(MATERIAL SHOWN begins)
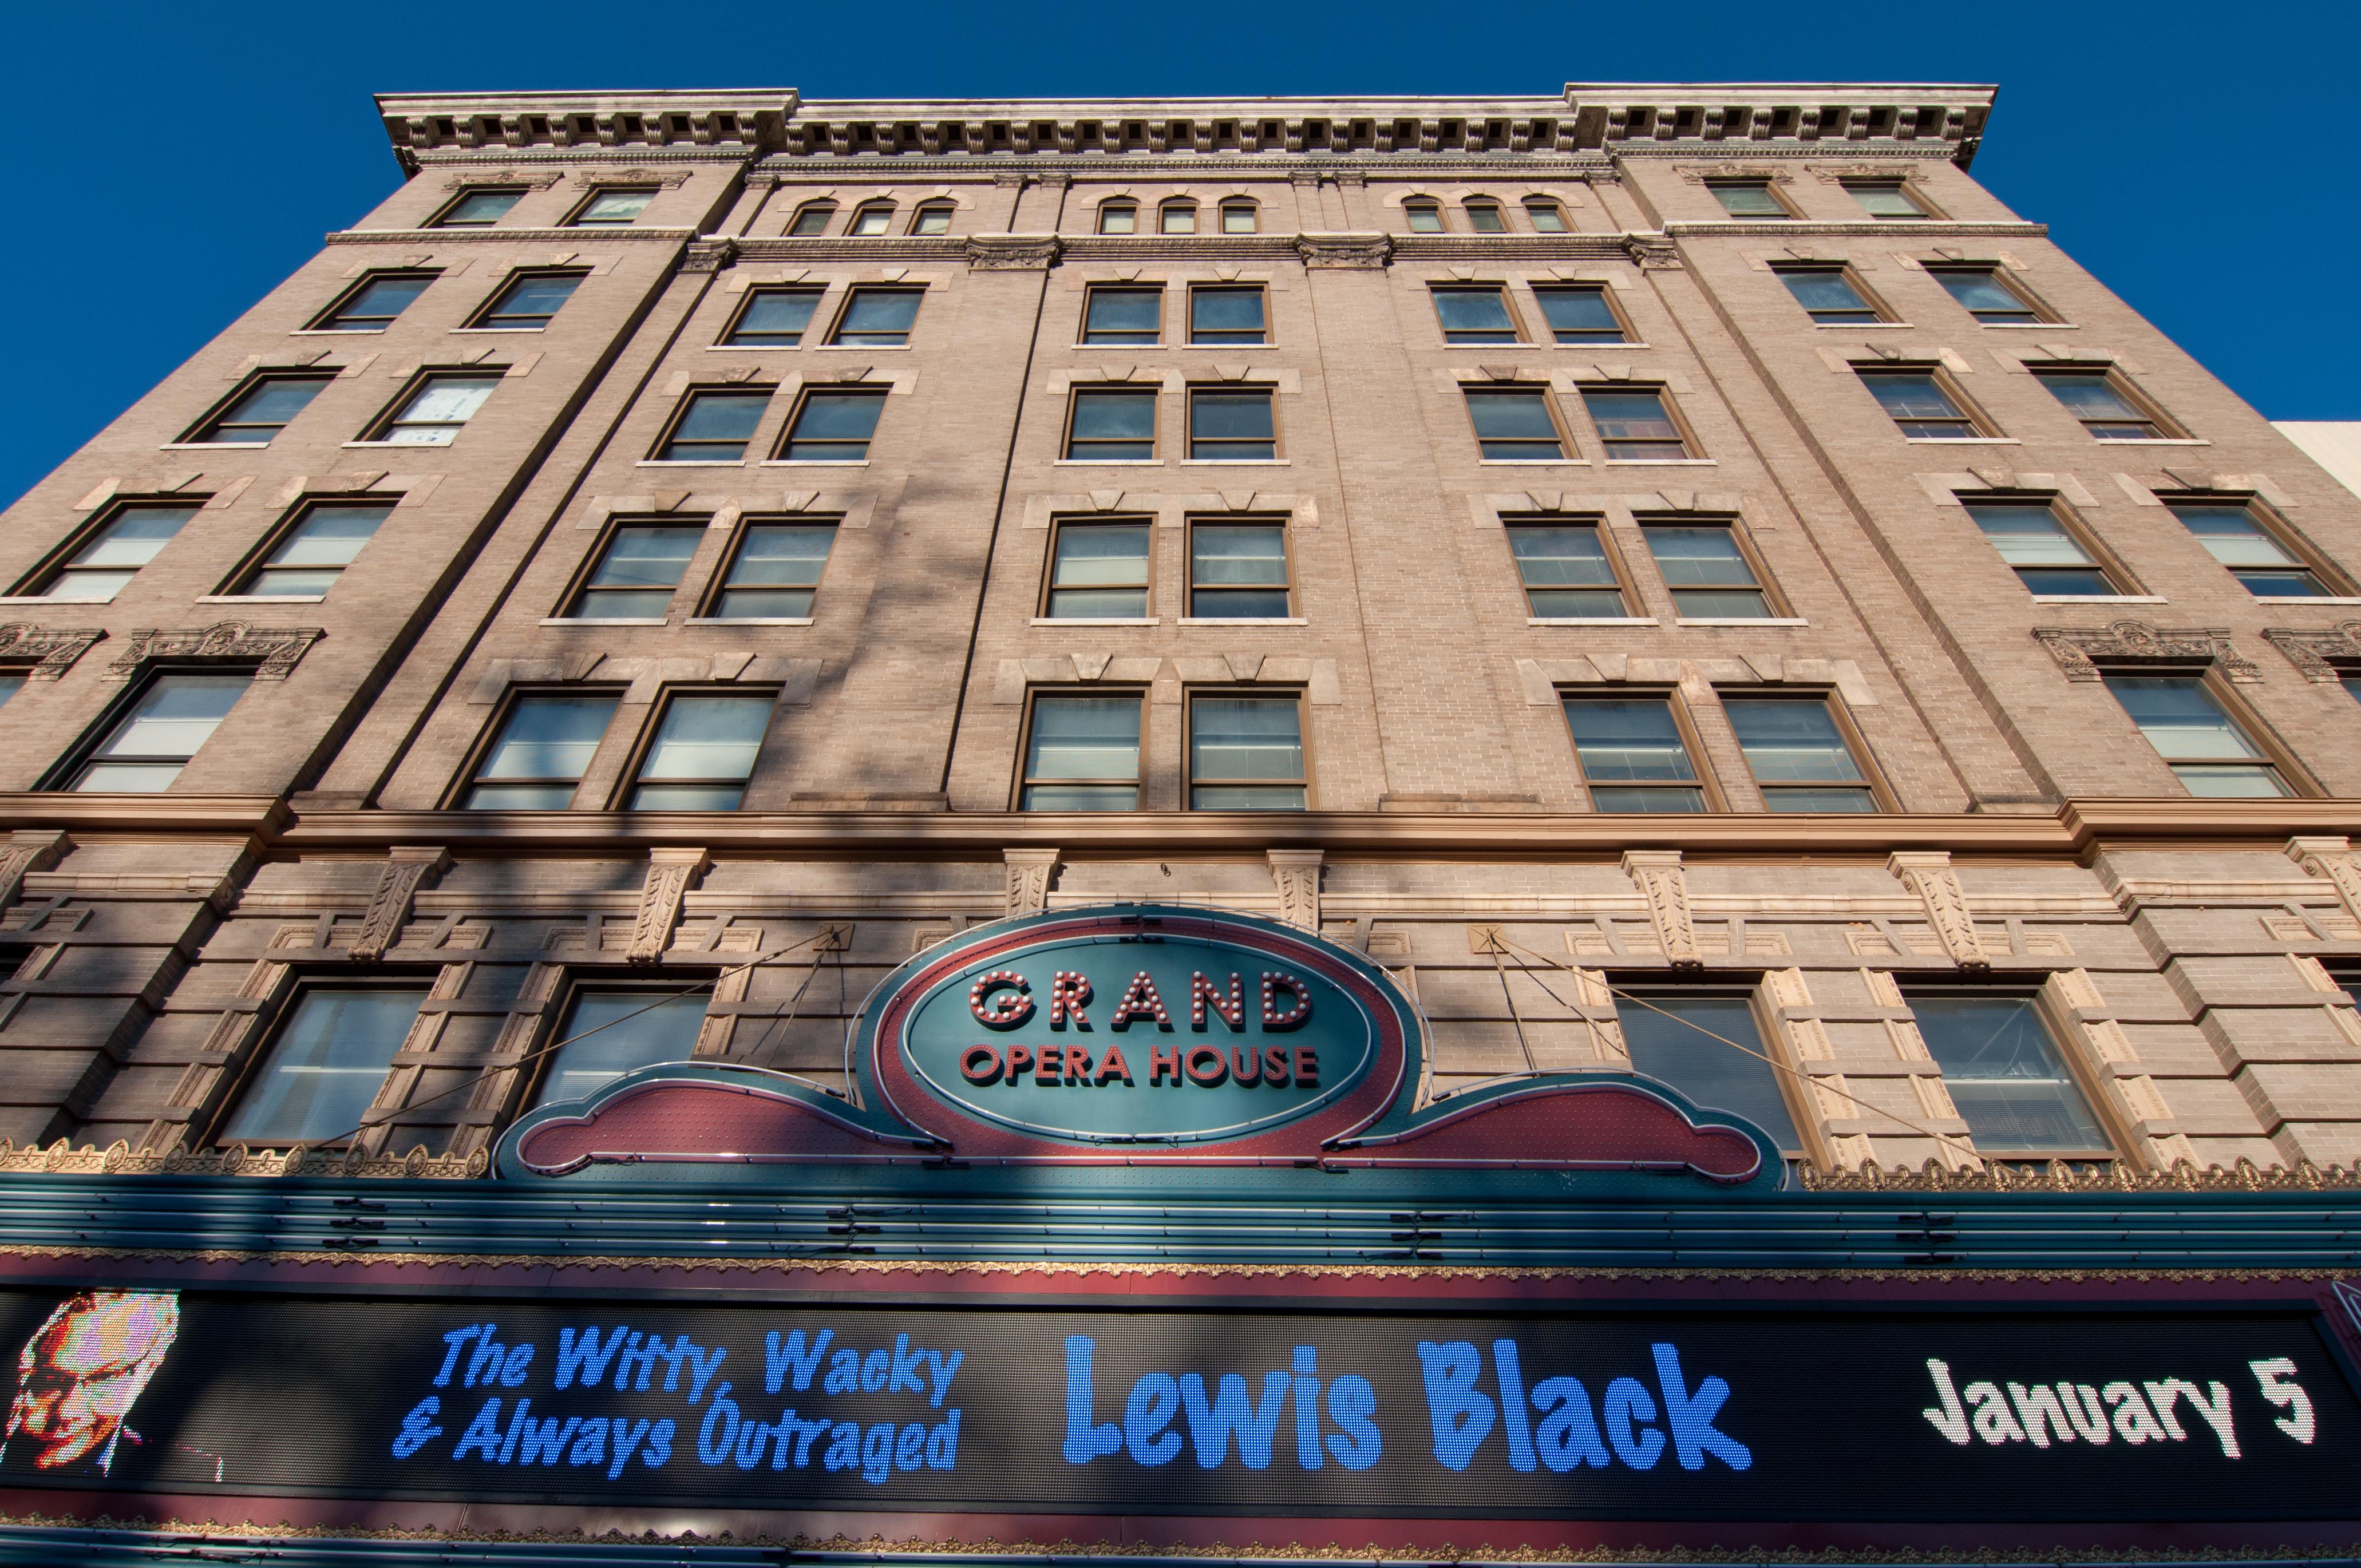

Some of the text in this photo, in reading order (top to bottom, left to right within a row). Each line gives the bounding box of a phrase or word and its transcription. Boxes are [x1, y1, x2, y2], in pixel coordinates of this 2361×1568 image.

[969, 971, 1312, 1028] GRAND
[959, 1043, 1319, 1085] OPERA HOUSE
[433, 1323, 966, 1409] The Witty, Wacky
[1061, 1333, 1753, 1473] Lewis Black
[1922, 1357, 2316, 1460] January 5
[391, 1396, 963, 1486] & Always Outraged
(MATERIAL SHOWN ends)
_REQUIRED WORK_. Could you transcribe the material above exactly, keeping every picture out?

_ANSWER SECTION_.
Some of the text in this photo, in reading order (top to bottom, left to right within a row). Each line gives the bounding box of a phrase or word and its transcription. Boxes are [x1, y1, x2, y2], in pixel coordinates of this 2361×1568 image.

[969, 971, 1312, 1028] GRAND
[959, 1043, 1319, 1085] OPERA HOUSE
[433, 1323, 966, 1409] The Witty, Wacky
[1061, 1333, 1753, 1473] Lewis Black
[1922, 1357, 2316, 1460] January 5
[391, 1396, 963, 1486] & Always Outraged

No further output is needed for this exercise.